◆ **Material shown**
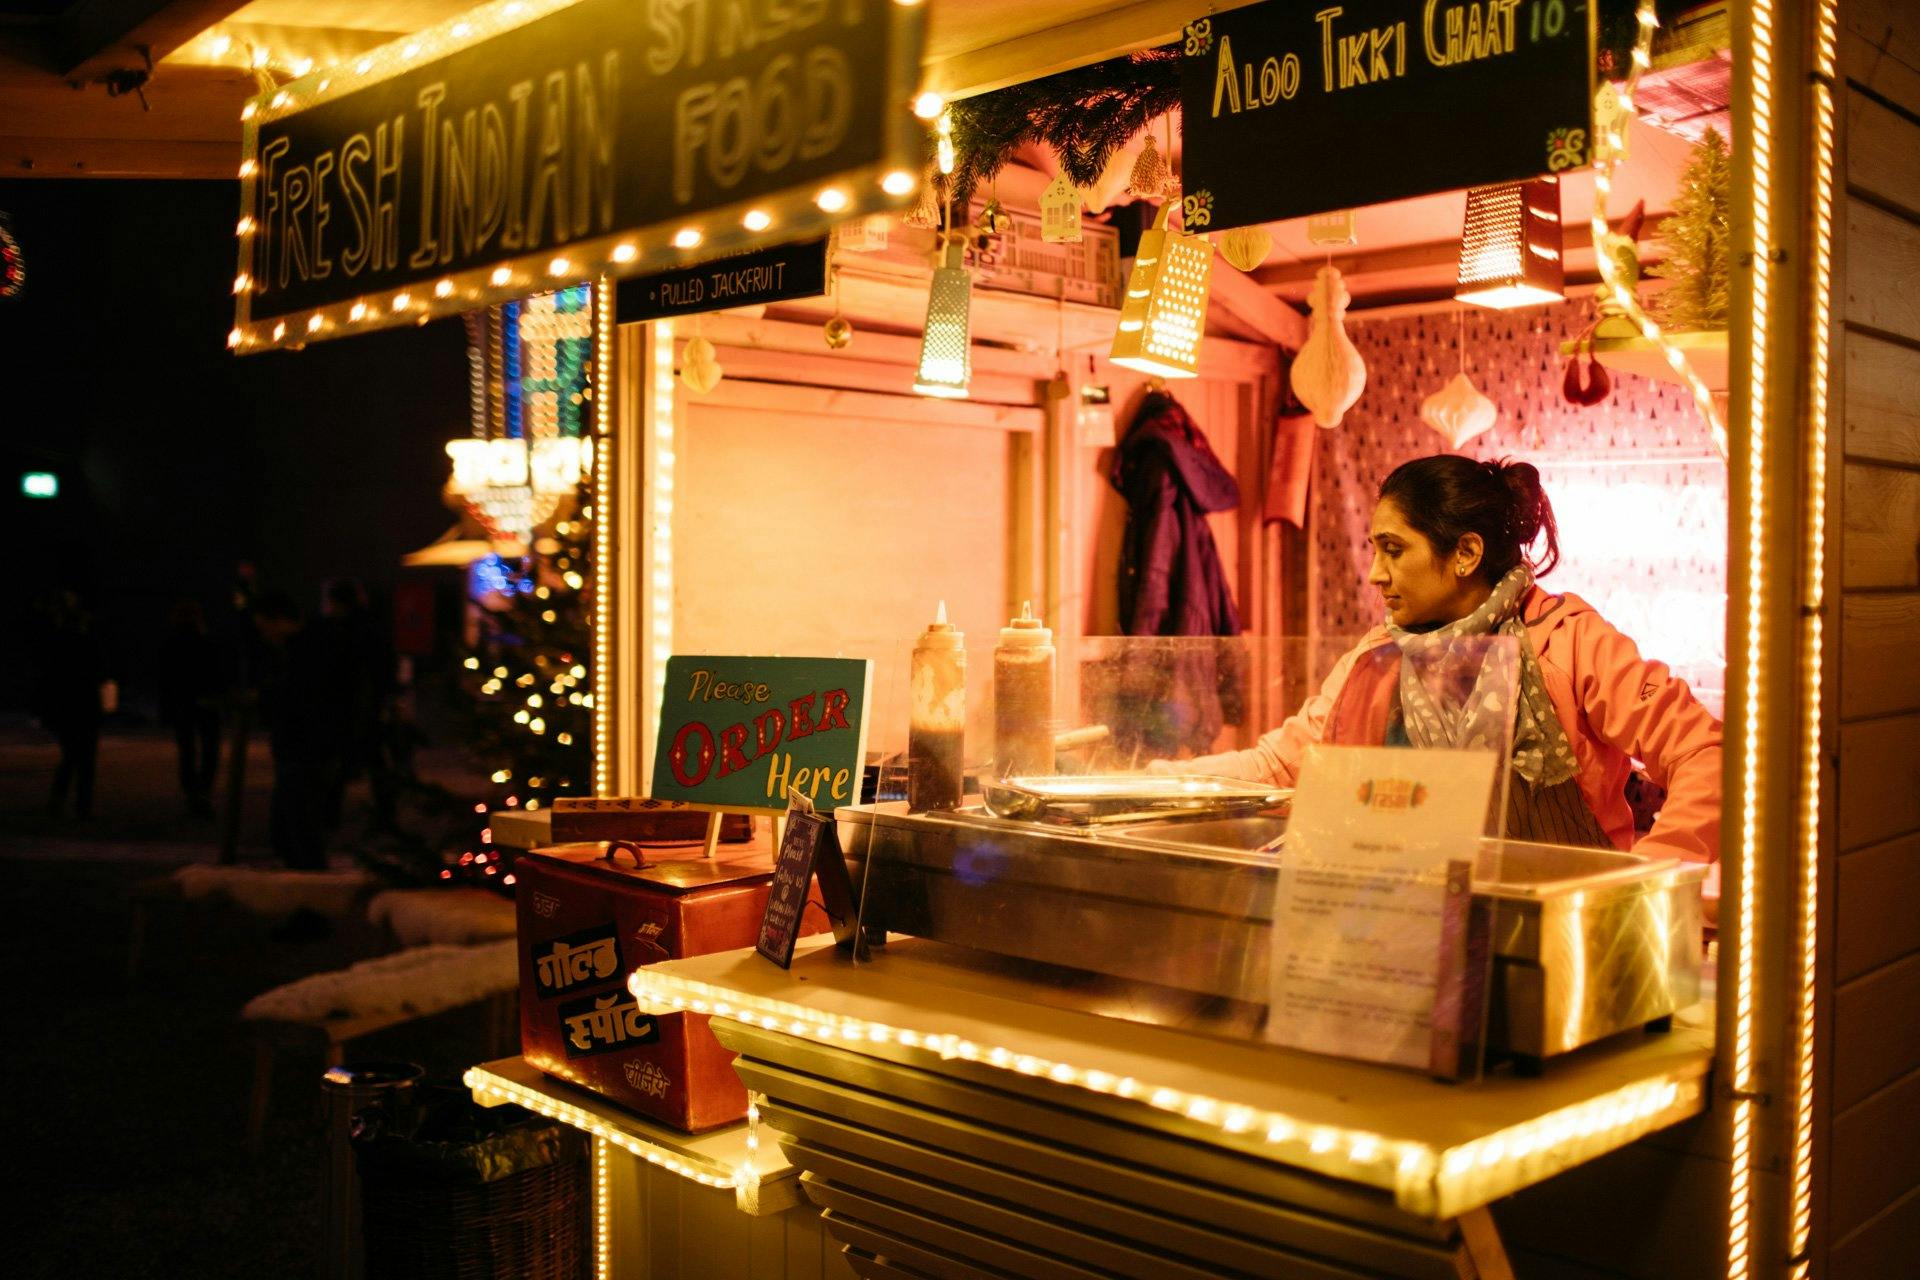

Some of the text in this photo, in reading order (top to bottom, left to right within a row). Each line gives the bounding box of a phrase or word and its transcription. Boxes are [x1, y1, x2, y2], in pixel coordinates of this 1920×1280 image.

[1211, 35, 1301, 118] ALOO
[1315, 6, 1406, 92] TIKKI
[1423, 0, 1521, 67] CHAAT
[258, 49, 619, 296] FRESH INDIAN
[673, 45, 852, 203] FOOD
[660, 262, 787, 307] PULLED JACKFRUIT
[688, 669, 772, 705] Please
[667, 688, 851, 789] ORDER
[766, 753, 850, 800] Here
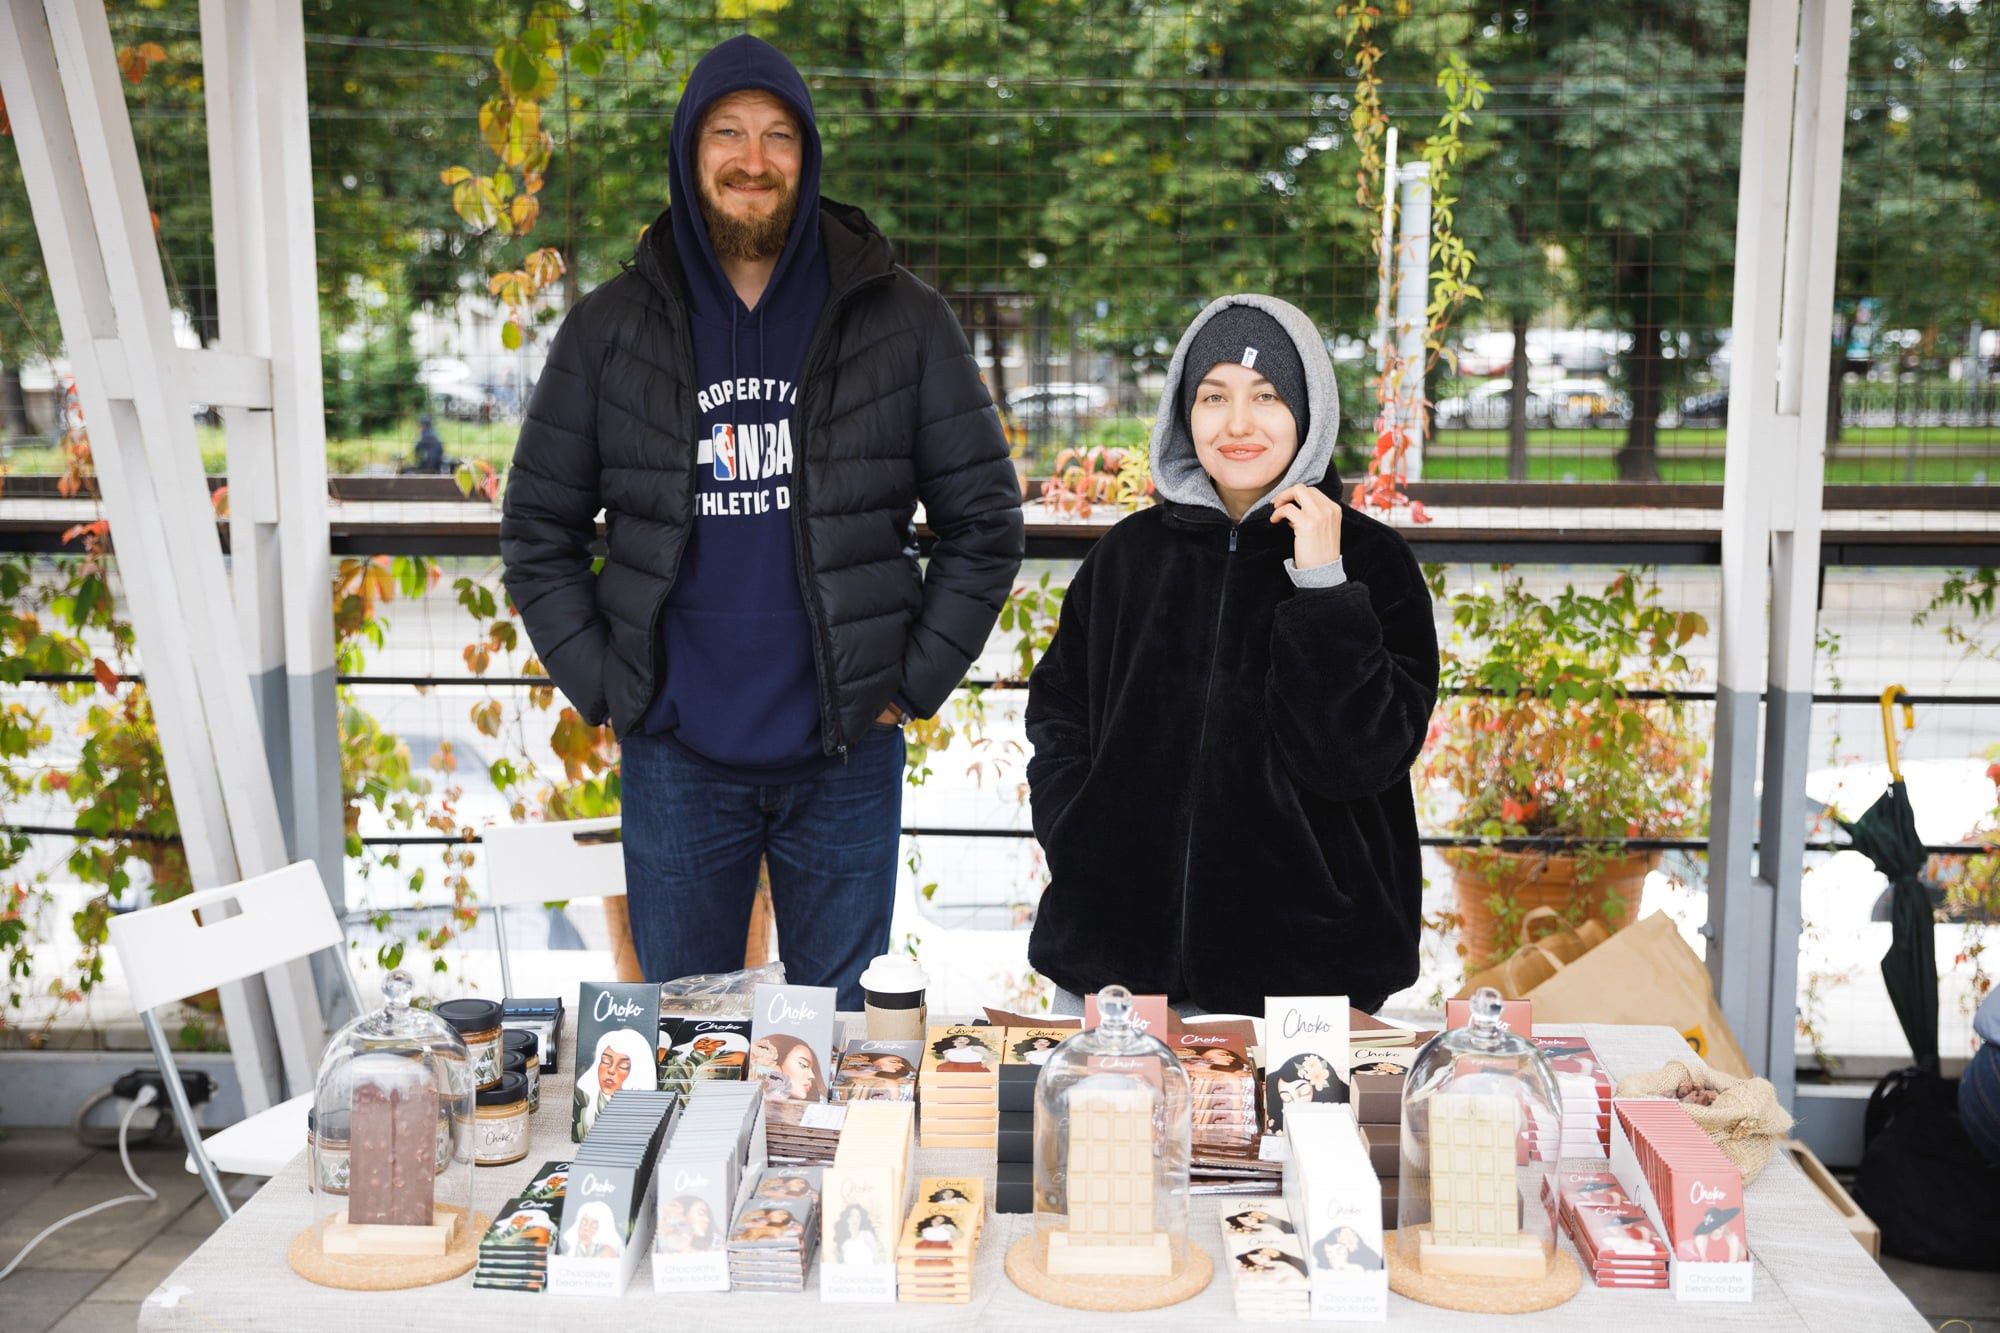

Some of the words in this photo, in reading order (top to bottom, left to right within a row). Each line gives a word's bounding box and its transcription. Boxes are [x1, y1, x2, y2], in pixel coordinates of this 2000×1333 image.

[697, 377, 792, 414] ROPERTY
[737, 418, 793, 481] NBA
[695, 489, 770, 516] THLETIC
[776, 486, 790, 510] D
[593, 990, 645, 1022] Choko
[767, 993, 818, 1024] Choko
[694, 1021, 743, 1031] Choko
[1283, 1008, 1333, 1039] Choko
[860, 1040, 909, 1051] Choko
[1181, 1034, 1229, 1045] Choko
[1355, 1049, 1400, 1059] Choko
[1690, 1181, 1726, 1204] Choko

◆ **Exercise details**
Extract the text of all the records above verbatim, excluding pictures.

◆ **Response to the task**
Some of the text in this photo, in reading order (top to bottom, left to right within a row). Each line gives the bounding box of a phrase or word and its transcription. Boxes are [x1, y1, x2, y2], in pixel coordinates of this 1920×1280 image.

[1211, 35, 1301, 118] ALOO
[1315, 6, 1406, 92] TIKKI
[1423, 0, 1521, 67] CHAAT
[258, 49, 619, 296] FRESH INDIAN
[673, 45, 852, 203] FOOD
[660, 262, 787, 307] PULLED JACKFRUIT
[688, 669, 772, 705] Please
[667, 688, 851, 789] ORDER
[766, 753, 850, 800] Here

Some of the words in this photo, in reading order (top to bottom, left to right within a row). Each line gives a word's bounding box and its transcription. Boxes are [x1, y1, x2, y2], in pixel coordinates of this 2000×1333 image.

[697, 377, 792, 414] ROPERTY
[737, 418, 793, 481] NBA
[695, 489, 770, 516] THLETIC
[776, 486, 790, 510] D
[593, 990, 645, 1022] Choko
[767, 993, 818, 1024] Choko
[694, 1021, 743, 1031] Choko
[1283, 1008, 1333, 1039] Choko
[860, 1040, 909, 1051] Choko
[1181, 1034, 1229, 1045] Choko
[1355, 1049, 1400, 1059] Choko
[1690, 1181, 1726, 1204] Choko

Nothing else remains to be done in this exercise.